Michał
Jarczyk
j. niemiecki -
szukający pracy,
jakiejkolwiek,
nauczyciel...
Temat: Syndrom Nemmersdorf
Arkadiusz Piotr Z.:Niemcy,
wszyscy Niemcy byli świadomi zbrodni i ją w pełni akceptowali, stąd strach przed odwetem. no, ale Niemcy to taki cywilizowany naród, zabijali taniej.
nie przesadzaj znowu, że wszyscy, bo z niemieckiego kiedyś Beuthen O.S. (bytom) do Oświęcimia nie było daleko, ale o tym się nie mówiło, tylko szeptało miedzy zaufanymi, że tam jest KaCet, nie wnikając, dlaczego? Lepiej było nie wiedzieć za dużo. T z opowiadań mego dziadka Paula, który wtedy pracował na kopalni,. A stamtąd ludzie też wychodzili i nie tylko taki as, jak pseudoprofesor Bartoszewski ("gadające Uzi"), ale i tez zwyczajni ludzie, którzy tam bynajmniej nie trafili za politykę.

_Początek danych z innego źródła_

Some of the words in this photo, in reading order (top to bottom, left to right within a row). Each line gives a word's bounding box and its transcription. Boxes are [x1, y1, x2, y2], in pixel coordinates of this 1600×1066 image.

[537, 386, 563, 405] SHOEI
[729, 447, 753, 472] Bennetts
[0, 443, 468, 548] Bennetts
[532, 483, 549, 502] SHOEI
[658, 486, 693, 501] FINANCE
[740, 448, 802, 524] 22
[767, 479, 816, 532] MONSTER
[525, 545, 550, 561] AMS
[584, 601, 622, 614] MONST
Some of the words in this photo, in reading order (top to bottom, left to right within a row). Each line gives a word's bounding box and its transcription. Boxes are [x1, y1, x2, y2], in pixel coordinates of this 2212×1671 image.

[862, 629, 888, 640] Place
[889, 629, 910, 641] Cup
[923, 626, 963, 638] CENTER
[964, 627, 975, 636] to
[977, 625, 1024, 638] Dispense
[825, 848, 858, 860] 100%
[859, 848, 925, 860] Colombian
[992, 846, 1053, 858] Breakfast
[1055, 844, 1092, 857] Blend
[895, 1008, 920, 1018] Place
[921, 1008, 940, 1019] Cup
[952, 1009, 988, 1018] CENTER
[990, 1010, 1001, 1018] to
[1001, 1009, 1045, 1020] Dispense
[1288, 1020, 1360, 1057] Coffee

Uciekali, nie, że bolszewików opisał tak dr Goebbels, po swoim występie w Nemmersdorfie, ale, że takie wieści roznosiły się lotem błyskawicy, a ofiar i poszkodowanych mogło być spokojnie mniej, gdyby lokalni kacykowie SA nie grozili ludności, że za "ucieczkę", kiedy był jeszcze czas, zostaną za defetyzm rozstrzelani lub powieszeni. Nigdy nie ma było, chyba, ze w stosunku tylko do Niemców, co trwa do dzisiaj, zbiorowej odpowiedzialności, a o co w tym chodzi? Jak nie wiadomo, o co, to pieniądze, po które do Niemiec chętnie wyciąga ręka cała Europa, teraz i w czasach Marki (Deutsche Mark), bo jak powiedział Menahem Begin, raz zbrodniarzem, zawsze zbrodniarzem, a kim on był, wiem, walczącym o swój kraj żydowskim patriotą, wysadzającym w powietrze domy z Brytyjczykami i prowadzący wojnę podjazdową ze wszystkimi, a szczególnie ze słabszymi.